Task objective >>
An exact copy of the listing below is the answer, with the pictures removed.

Data for the task >>
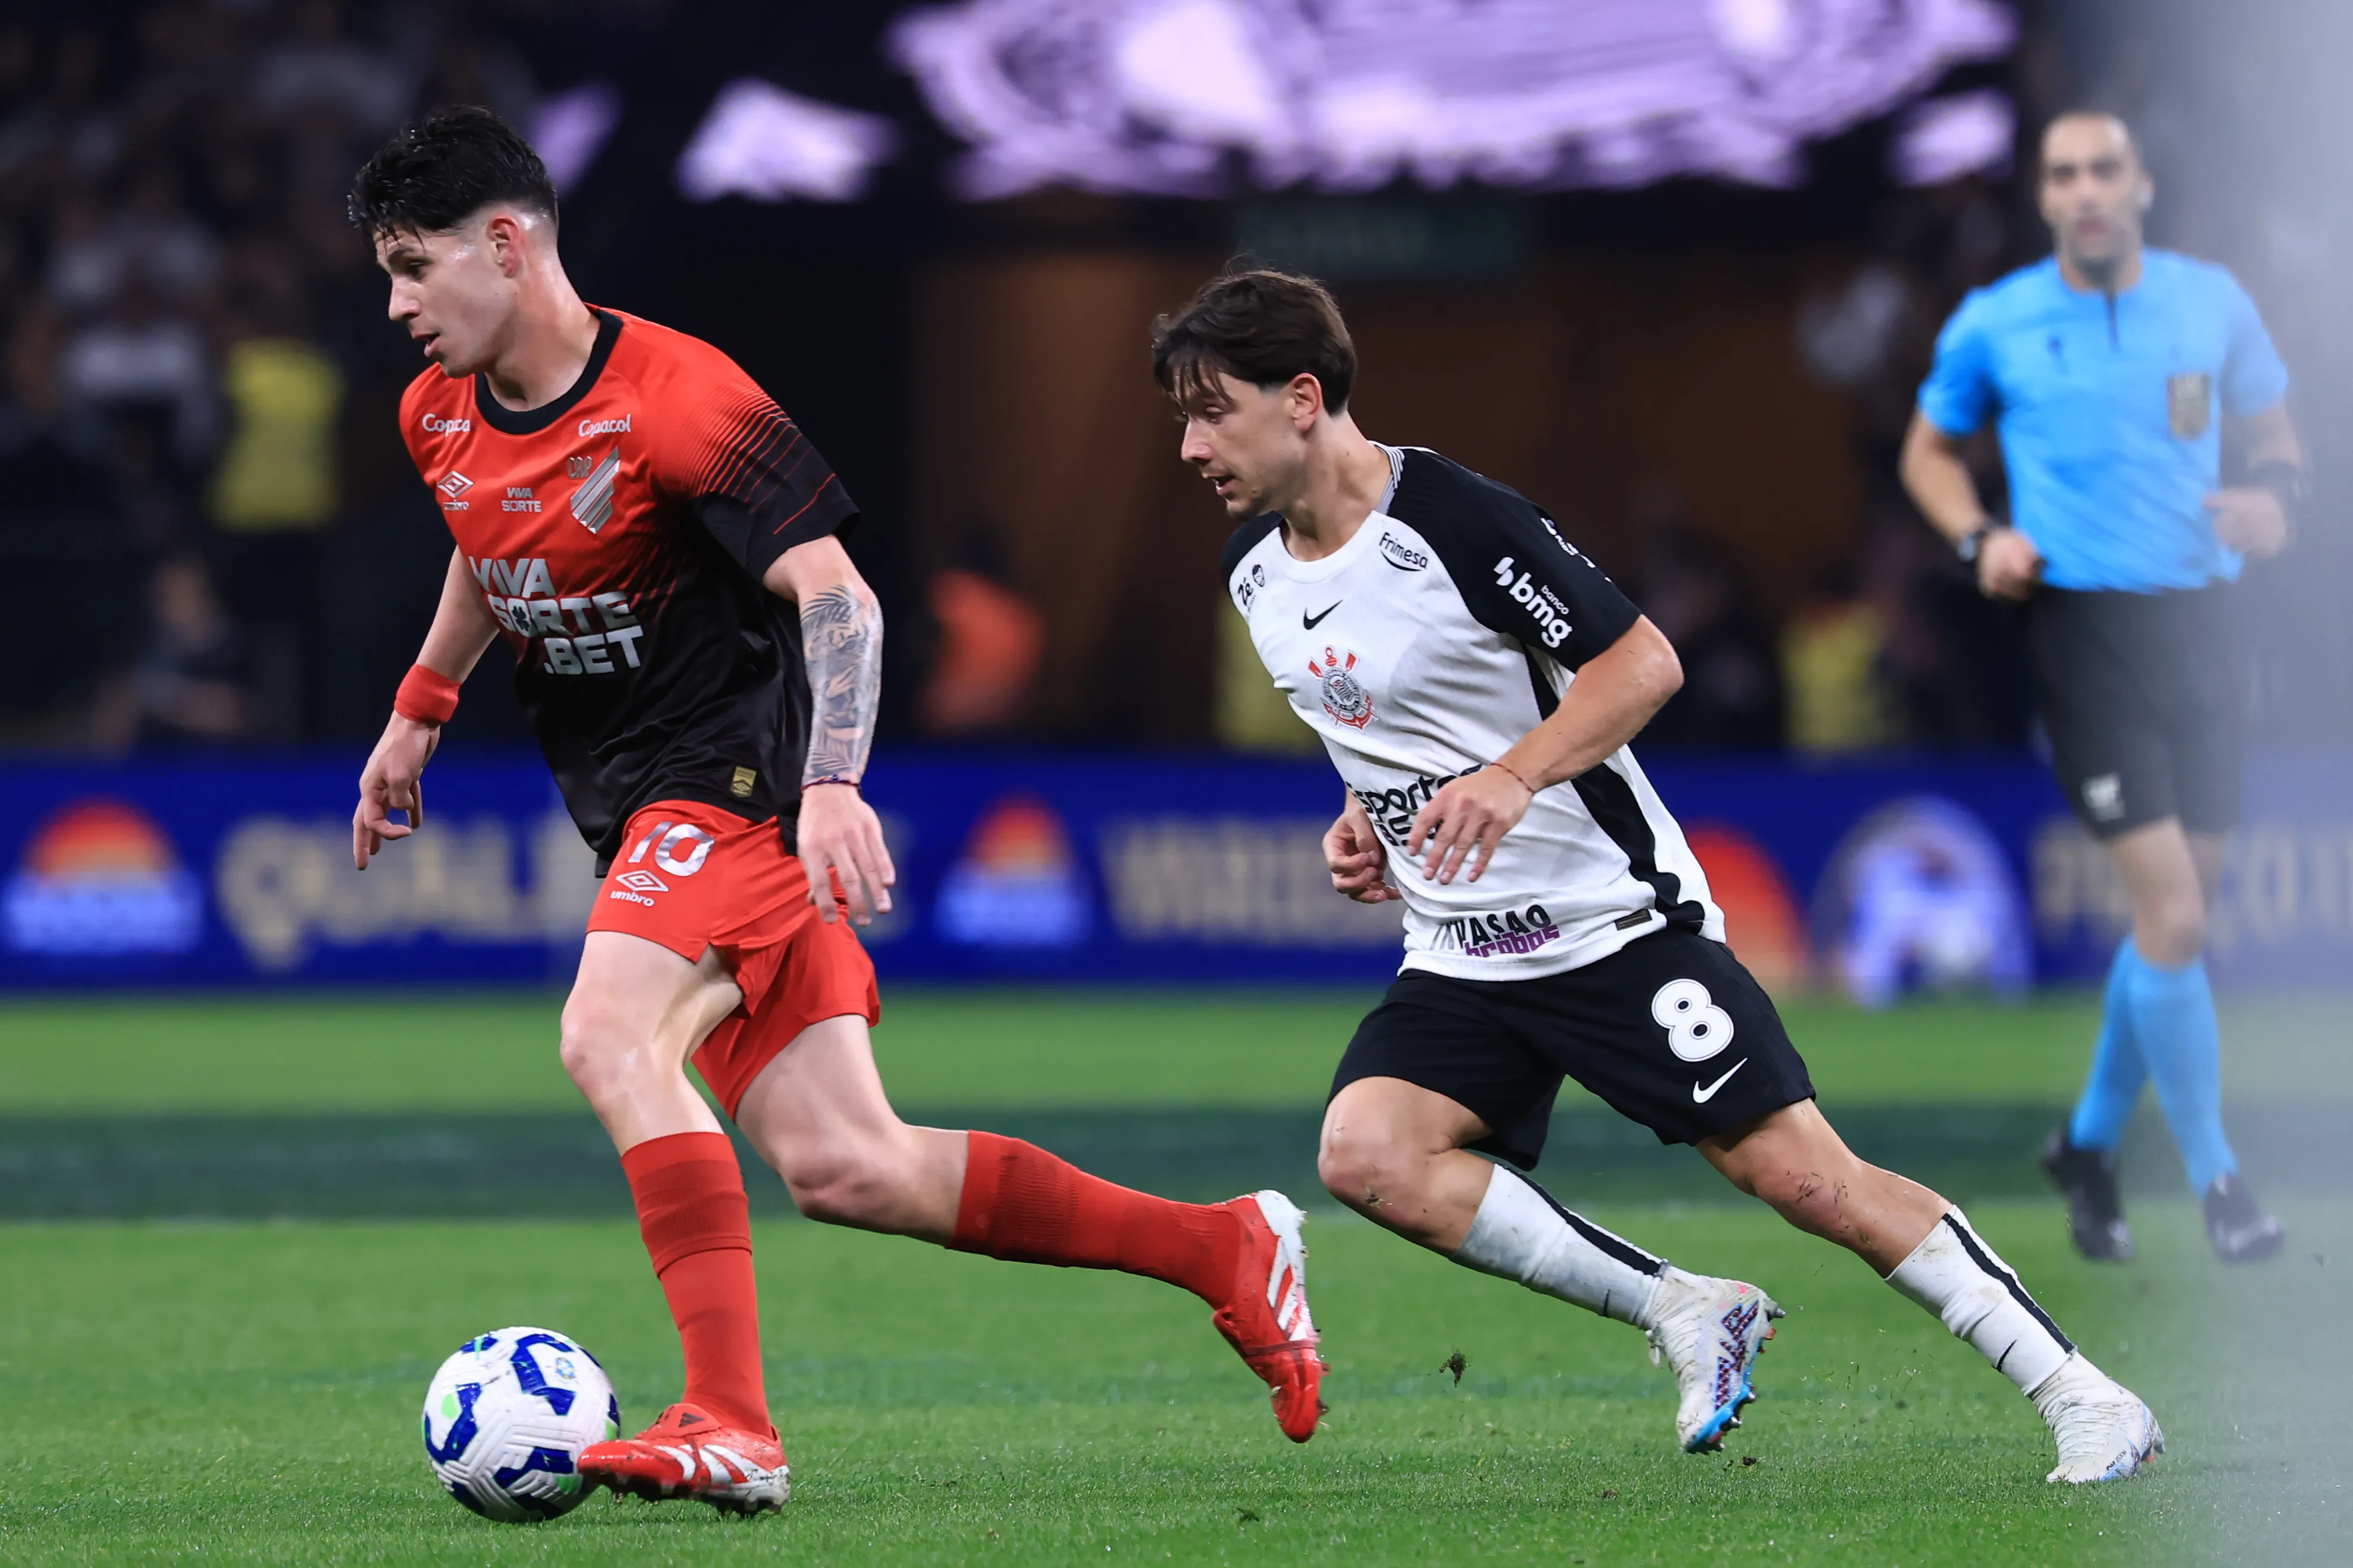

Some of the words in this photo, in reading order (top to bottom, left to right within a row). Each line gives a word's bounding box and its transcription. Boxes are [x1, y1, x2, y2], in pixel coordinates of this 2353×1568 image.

[578, 414, 632, 437] Copacol
[502, 500, 541, 513] SORTE
[507, 487, 533, 499] VIVA
[1379, 531, 1428, 569] Frimesa
[468, 556, 556, 598] VIVA
[1237, 576, 1253, 607] Zé
[487, 591, 640, 638] SORTE
[1508, 572, 1573, 648] bmg
[1541, 585, 1569, 615] banco
[543, 625, 644, 675] .BET
[628, 821, 715, 876] 10
[610, 890, 654, 907] umbro
[1651, 978, 1734, 1062] 8
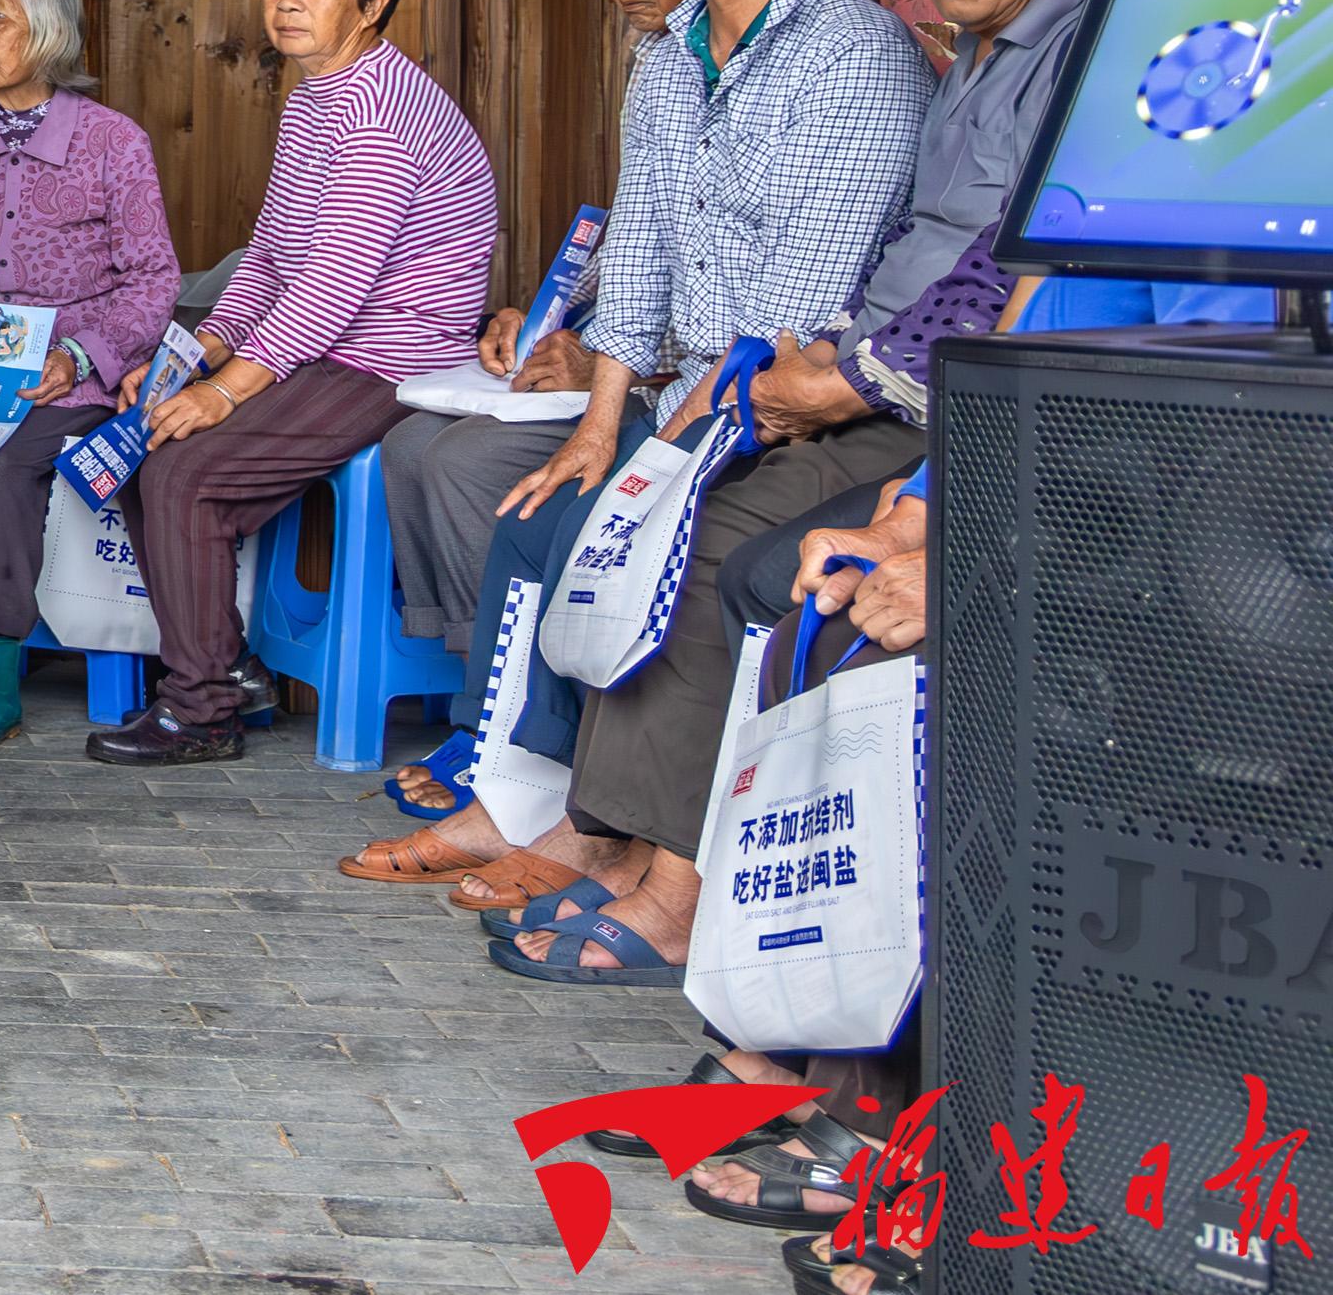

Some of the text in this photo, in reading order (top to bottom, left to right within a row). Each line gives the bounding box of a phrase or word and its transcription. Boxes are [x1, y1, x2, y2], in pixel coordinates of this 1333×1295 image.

[95, 538, 136, 566] 吃好
[738, 788, 855, 855] 不添加抗结剂
[733, 844, 858, 905] 吃好盐选闽盐
[1195, 1221, 1270, 1266] JBA
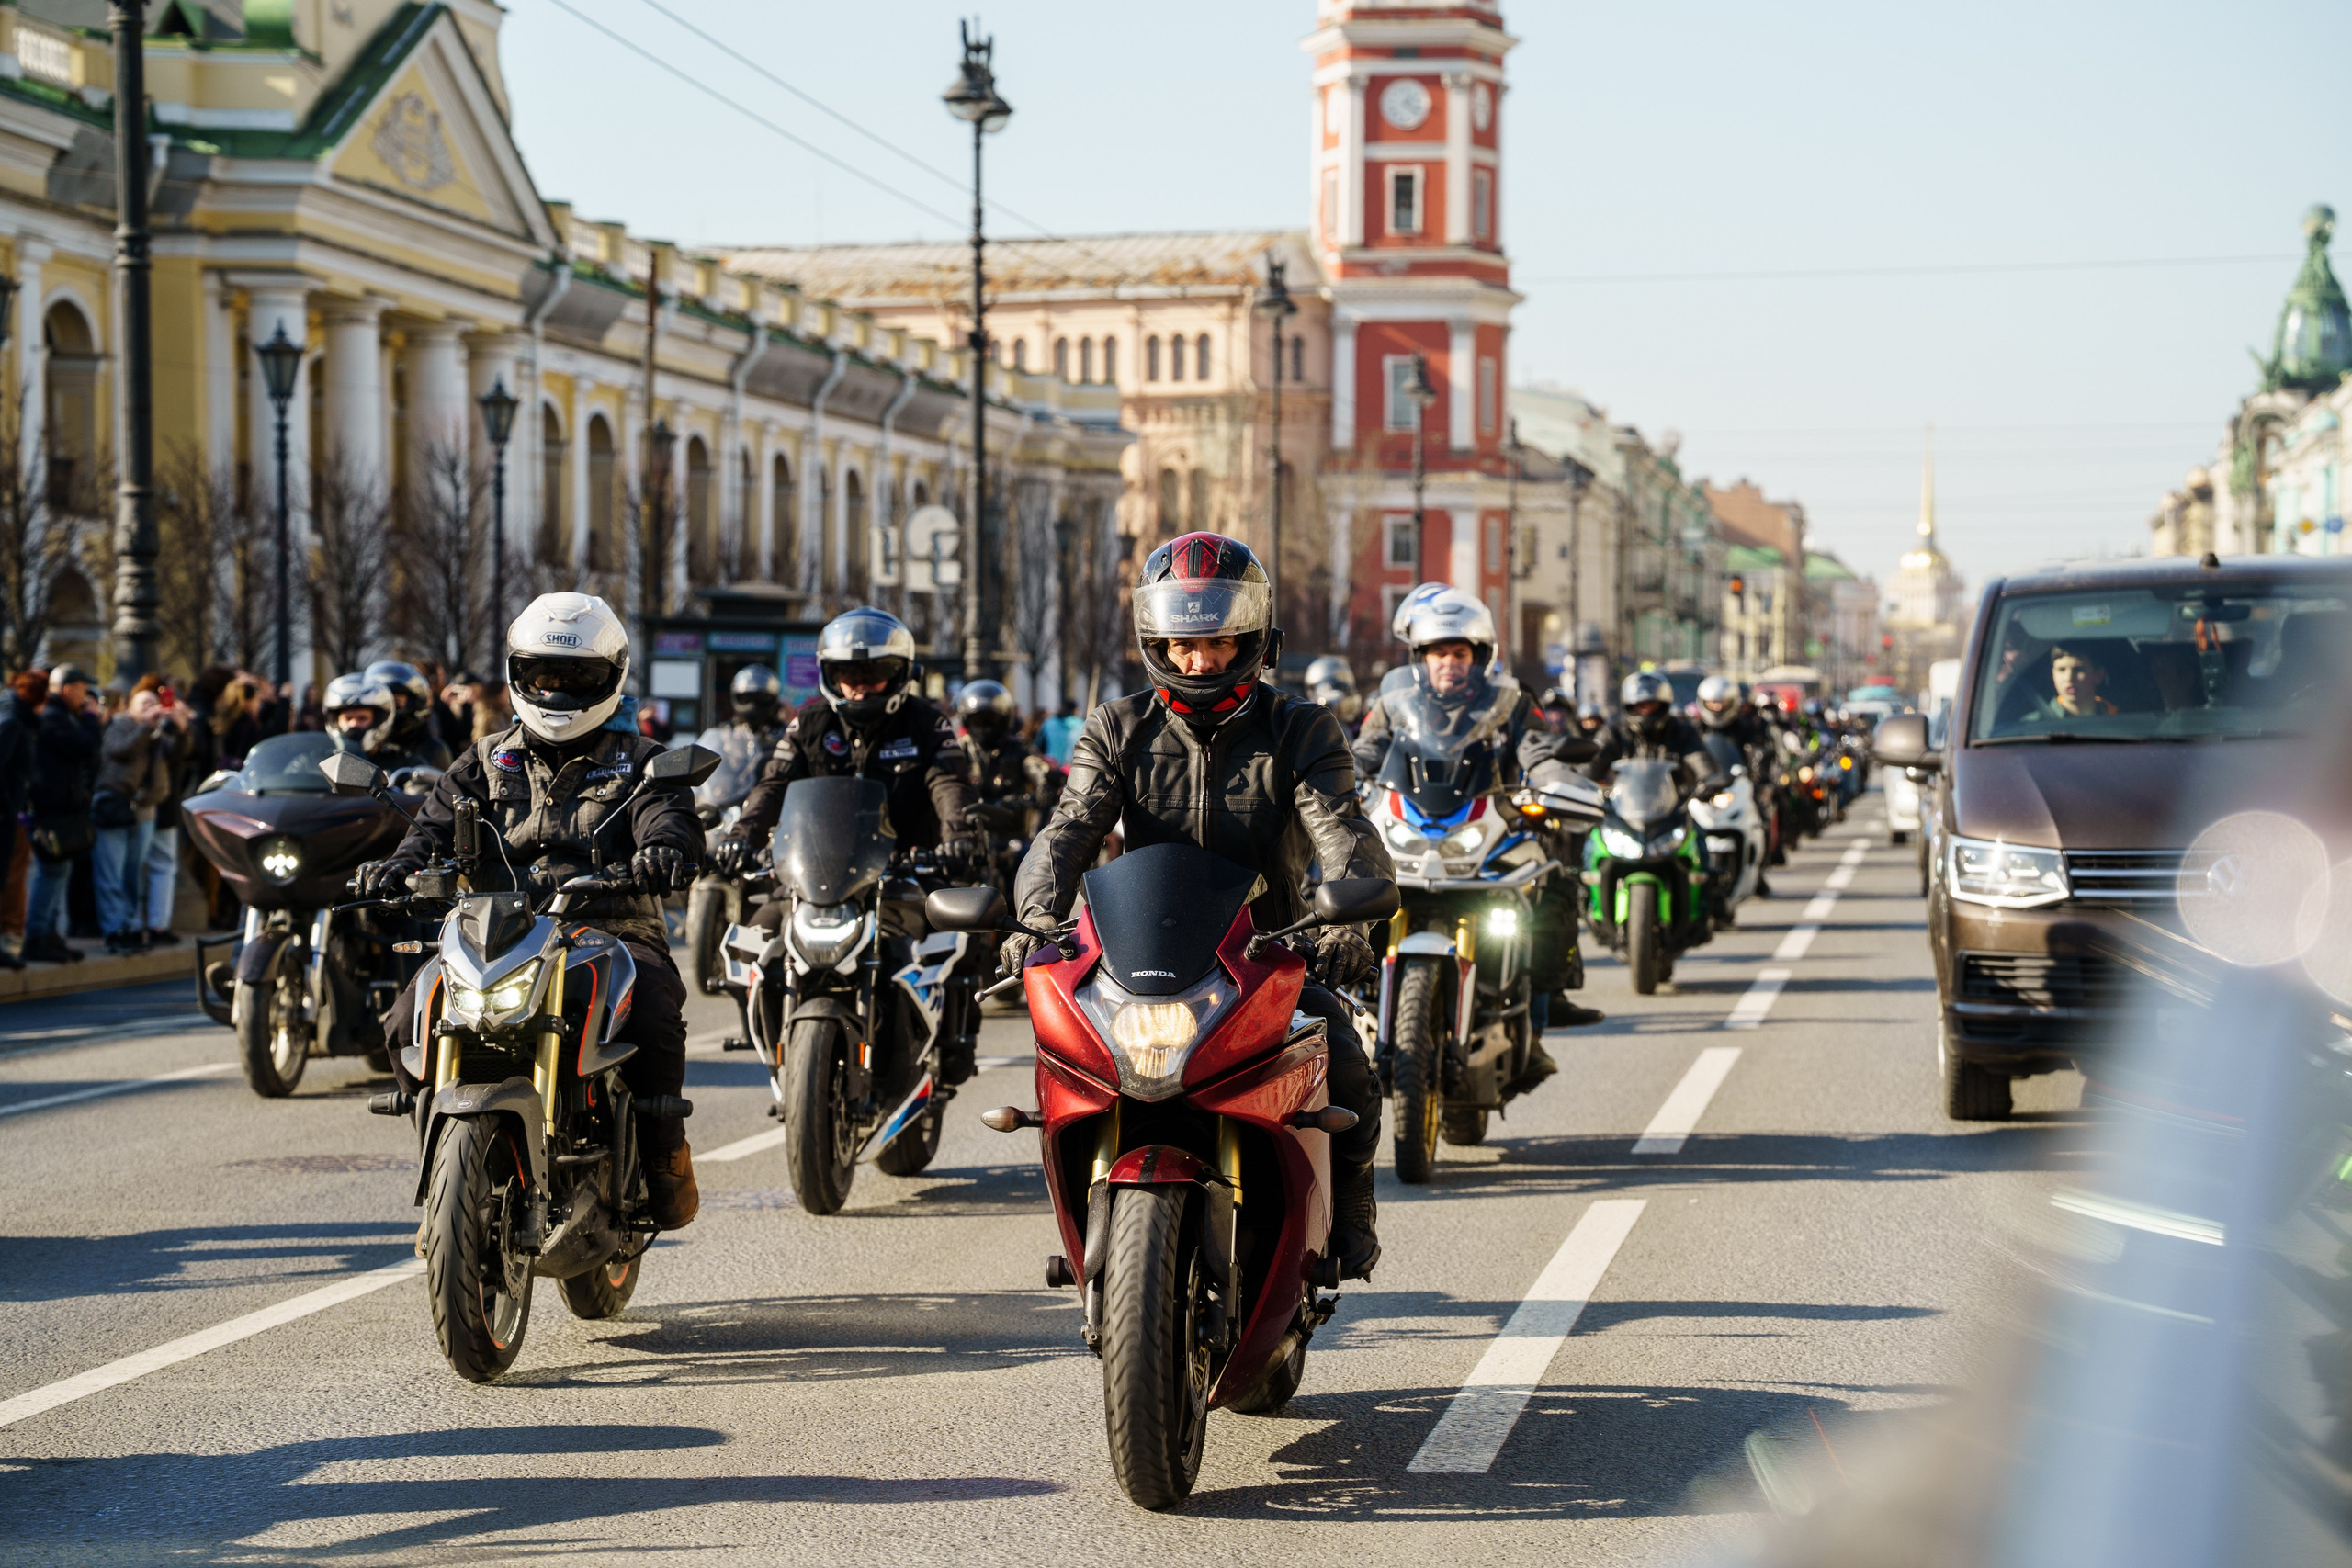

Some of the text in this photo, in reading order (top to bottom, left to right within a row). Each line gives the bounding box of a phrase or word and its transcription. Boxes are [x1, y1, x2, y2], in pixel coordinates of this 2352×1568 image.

Solution >>
Some of the words in this photo, in reading order (top to bottom, left to right within a row). Each line gives a word's bounding box and its transcription. Boxes are [x1, y1, x2, y2], in pixel coordinates of this 2353×1568 image.

[578, 414, 632, 437] Copacol
[502, 500, 541, 513] SORTE
[507, 487, 533, 499] VIVA
[1379, 531, 1428, 569] Frimesa
[468, 556, 556, 598] VIVA
[1237, 576, 1253, 607] Zé
[487, 591, 640, 638] SORTE
[1508, 572, 1573, 648] bmg
[1541, 585, 1569, 615] banco
[543, 625, 644, 675] .BET
[628, 821, 715, 876] 10
[610, 890, 654, 907] umbro
[1651, 978, 1734, 1062] 8

Some of the text in this photo, in reading order (top to bottom, left to right within a row). Each line gives the bounding box of a phrase or word and its transcription. Boxes are [x1, y1, x2, y2], in pixel coordinates of this 1333×1295 image.

[95, 538, 136, 566] 吃好
[738, 788, 855, 855] 不添加抗结剂
[733, 844, 858, 905] 吃好盐选闽盐
[1195, 1221, 1270, 1266] JBA

Some of the text in this photo, in reading order (top to bottom, left to right within a row). Each line gives the bounding box of a phrase or word and its transcription. Boxes are [x1, y1, x2, y2], in pixel coordinates of this 2352×1568 image.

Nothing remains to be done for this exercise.